__Records shown__.
━━━━━━

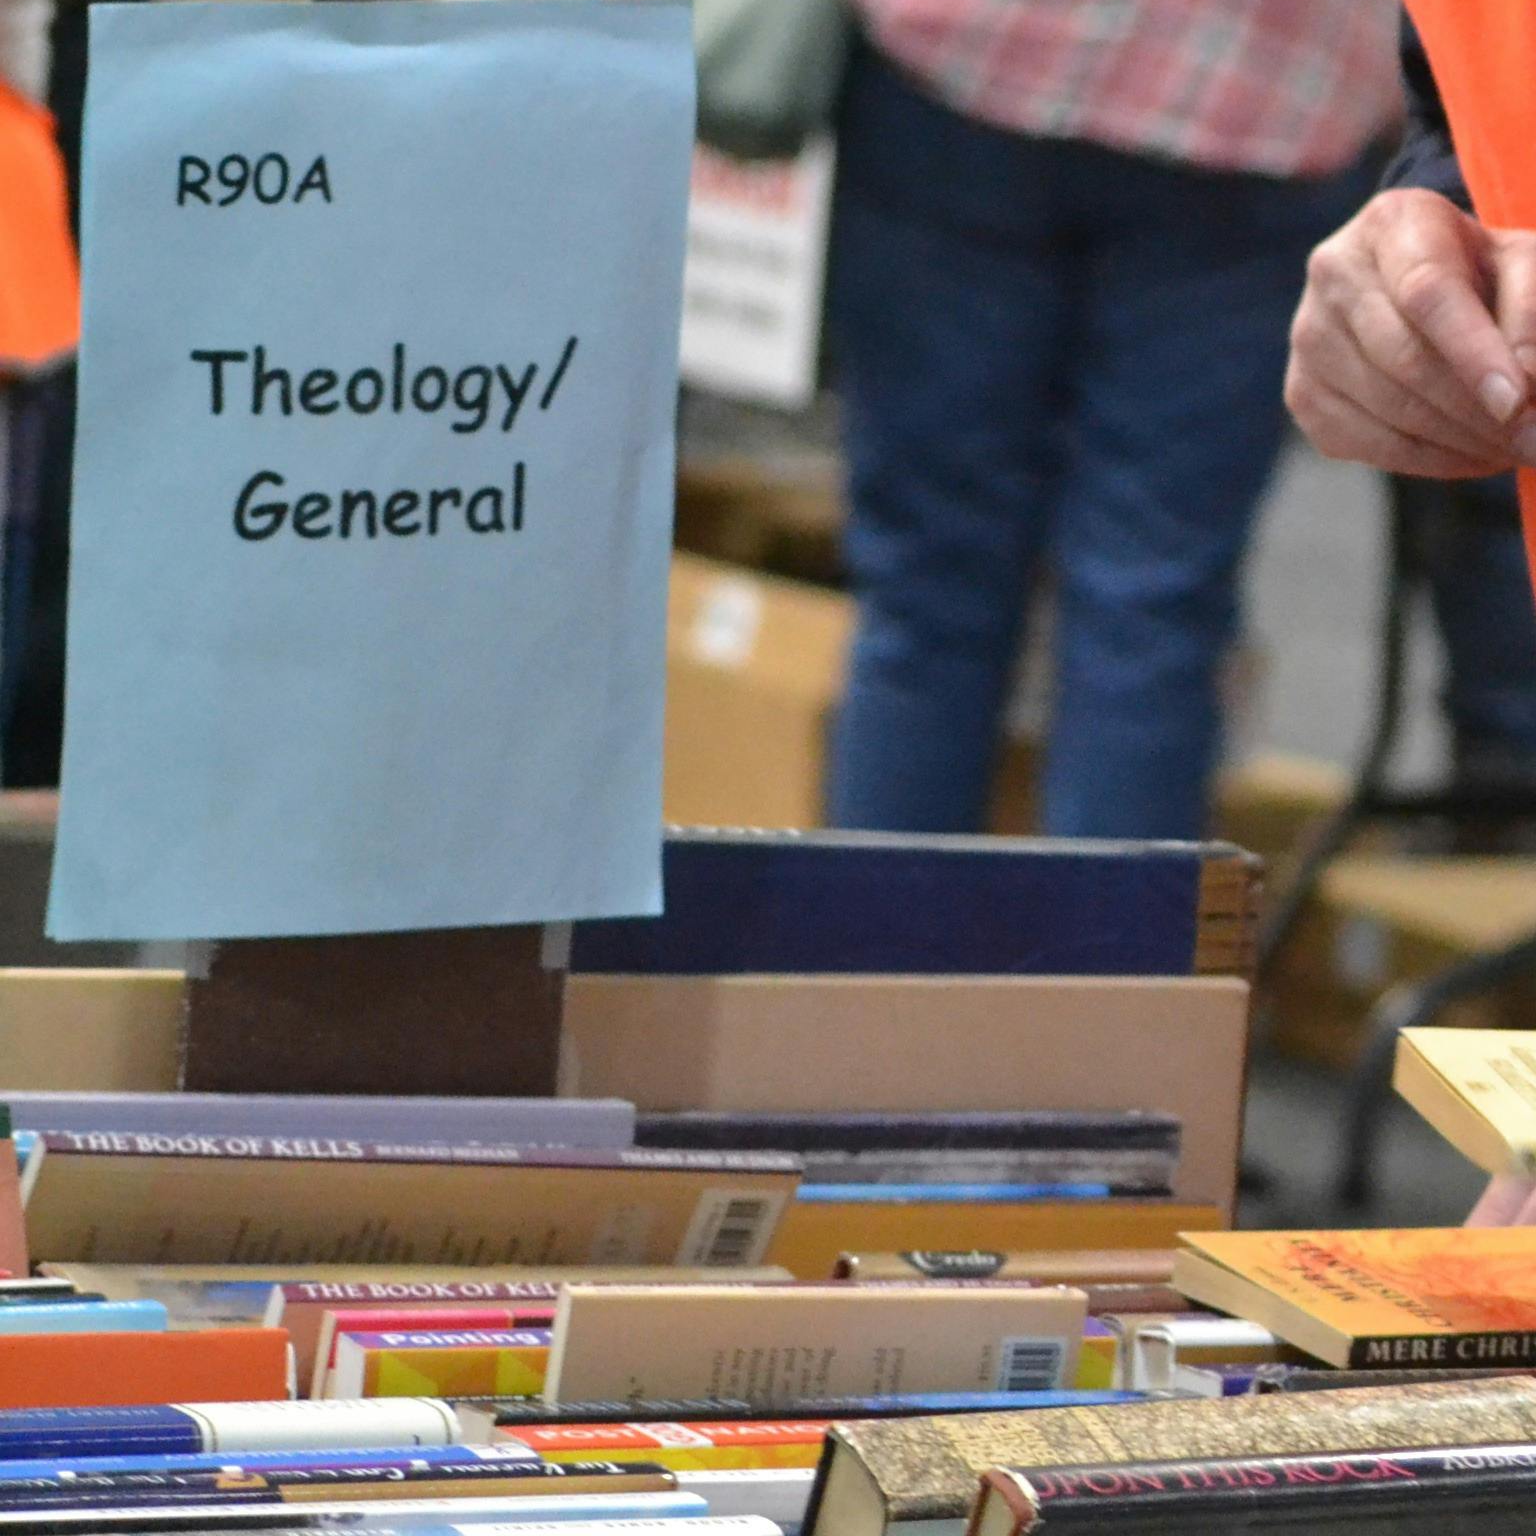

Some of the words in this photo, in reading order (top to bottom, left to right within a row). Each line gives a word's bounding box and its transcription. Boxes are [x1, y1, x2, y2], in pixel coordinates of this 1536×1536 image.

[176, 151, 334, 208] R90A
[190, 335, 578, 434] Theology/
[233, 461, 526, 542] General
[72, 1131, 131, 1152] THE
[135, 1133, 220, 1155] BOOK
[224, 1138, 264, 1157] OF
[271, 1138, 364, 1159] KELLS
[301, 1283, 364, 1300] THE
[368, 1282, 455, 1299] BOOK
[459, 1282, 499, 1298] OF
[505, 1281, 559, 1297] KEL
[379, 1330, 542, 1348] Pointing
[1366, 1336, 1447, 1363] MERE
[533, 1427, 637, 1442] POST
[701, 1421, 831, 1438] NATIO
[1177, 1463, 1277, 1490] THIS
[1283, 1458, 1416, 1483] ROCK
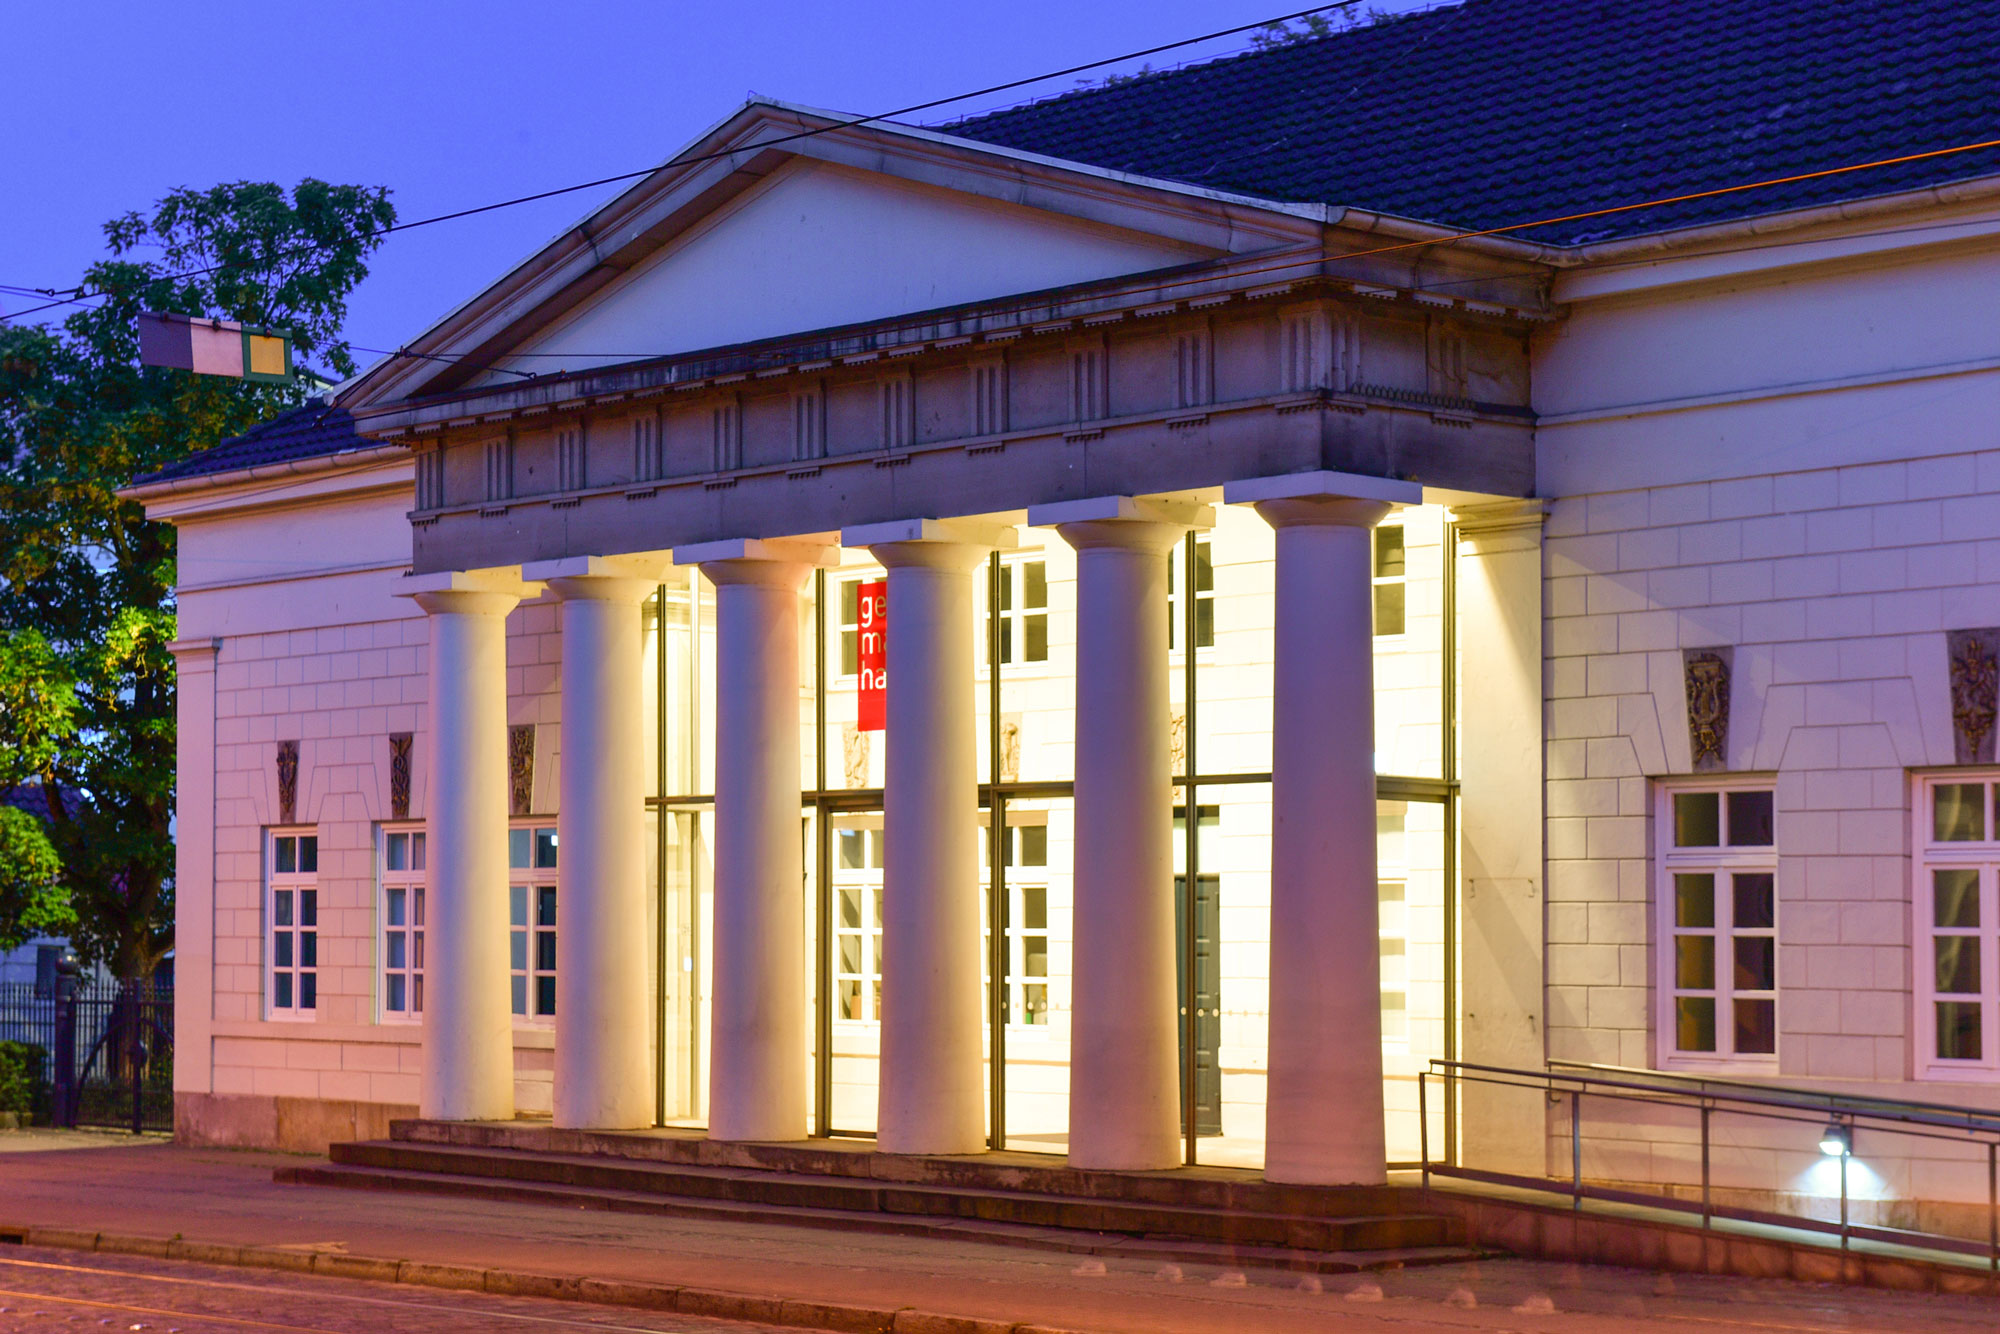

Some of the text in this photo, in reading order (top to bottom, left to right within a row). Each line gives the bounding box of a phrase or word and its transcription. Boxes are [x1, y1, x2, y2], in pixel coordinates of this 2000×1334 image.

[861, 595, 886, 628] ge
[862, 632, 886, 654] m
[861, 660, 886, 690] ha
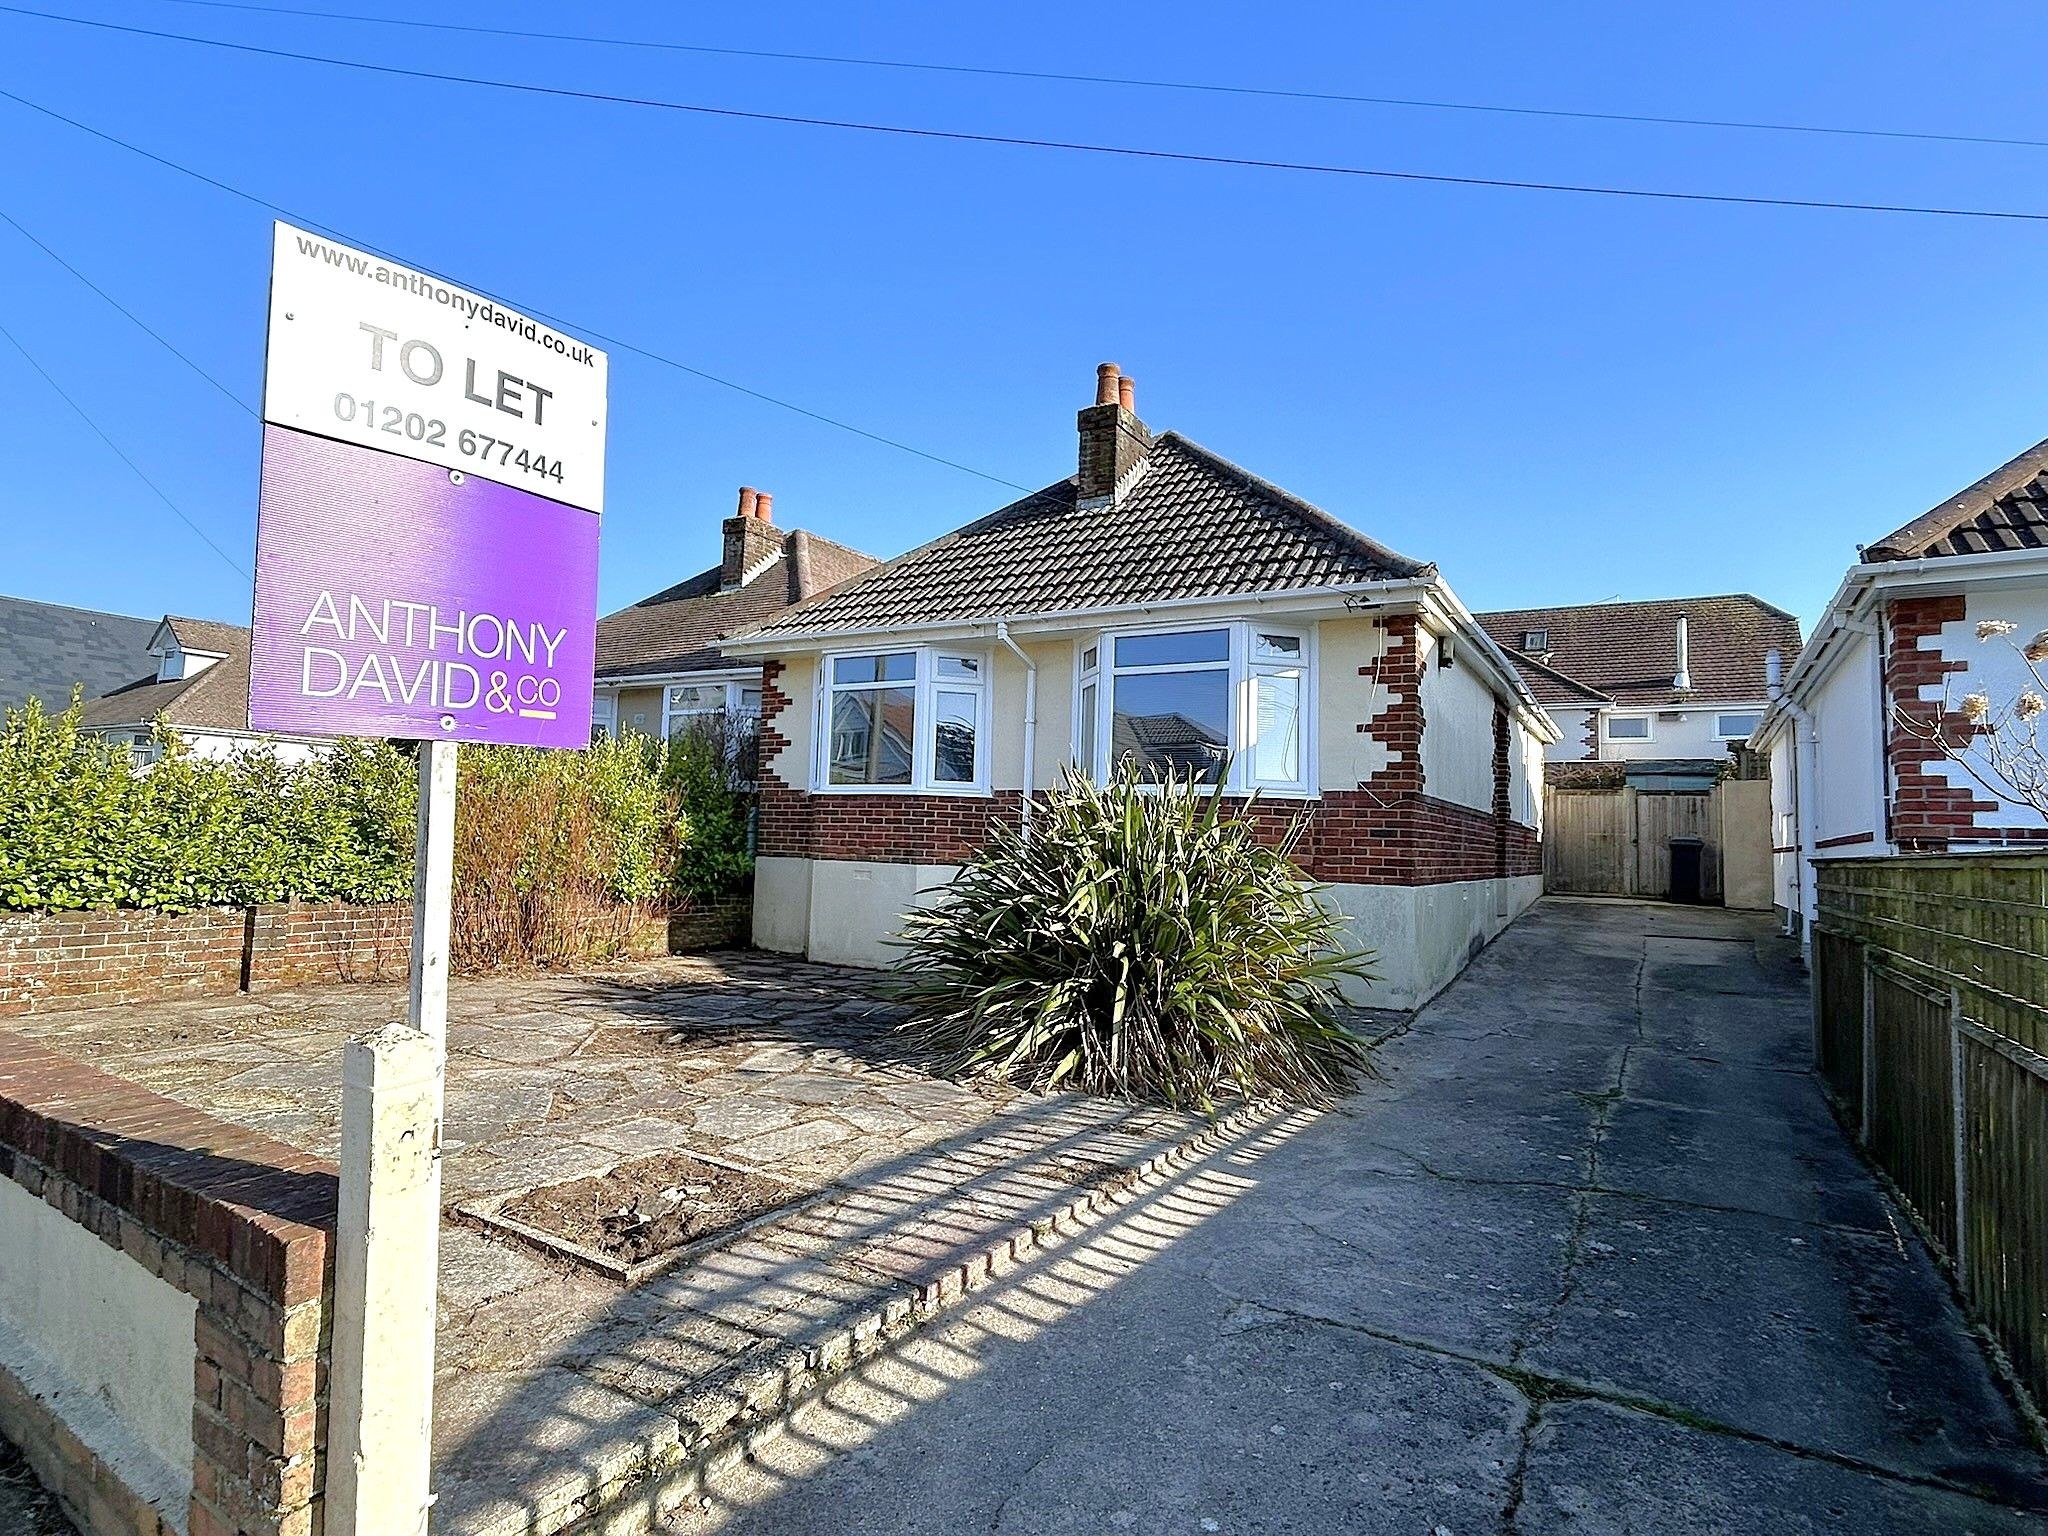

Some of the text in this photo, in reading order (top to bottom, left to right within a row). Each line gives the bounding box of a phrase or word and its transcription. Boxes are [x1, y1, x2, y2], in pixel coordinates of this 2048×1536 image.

━━━━━━

__What you should do__. Repeat the listing word for word, and skip every picture it contains.

__Solution below__.
Some of the words in this photo, in reading order (top to bottom, left to right within a row). Each line gives a word's bounding box and its transcription. Boxes are [x1, y1, x2, y2], in pixel coordinates of this 1536×1536 image.

[176, 151, 334, 208] R90A
[190, 335, 578, 434] Theology/
[233, 461, 526, 542] General
[72, 1131, 131, 1152] THE
[135, 1133, 220, 1155] BOOK
[224, 1138, 264, 1157] OF
[271, 1138, 364, 1159] KELLS
[301, 1283, 364, 1300] THE
[368, 1282, 455, 1299] BOOK
[459, 1282, 499, 1298] OF
[505, 1281, 559, 1297] KEL
[379, 1330, 542, 1348] Pointing
[1366, 1336, 1447, 1363] MERE
[533, 1427, 637, 1442] POST
[701, 1421, 831, 1438] NATIO
[1177, 1463, 1277, 1490] THIS
[1283, 1458, 1416, 1483] ROCK

Some of the text in this photo, in reading order (top to bottom, left to right within a row). Each line gives the bounding box of a phrase or word and its transcription. Boxes are [x1, y1, x2, y2], in pixel coordinates of this 2000×1334 image.

[861, 595, 886, 628] ge
[862, 632, 886, 654] m
[861, 660, 886, 690] ha

Some of the text in this photo, in reading order (top to bottom, left to right within a row). Each line gives the bounding box of a phrase or word and its transcription. Boxes are [x1, y1, x2, y2], in pixel coordinates of this 2048×1536 image.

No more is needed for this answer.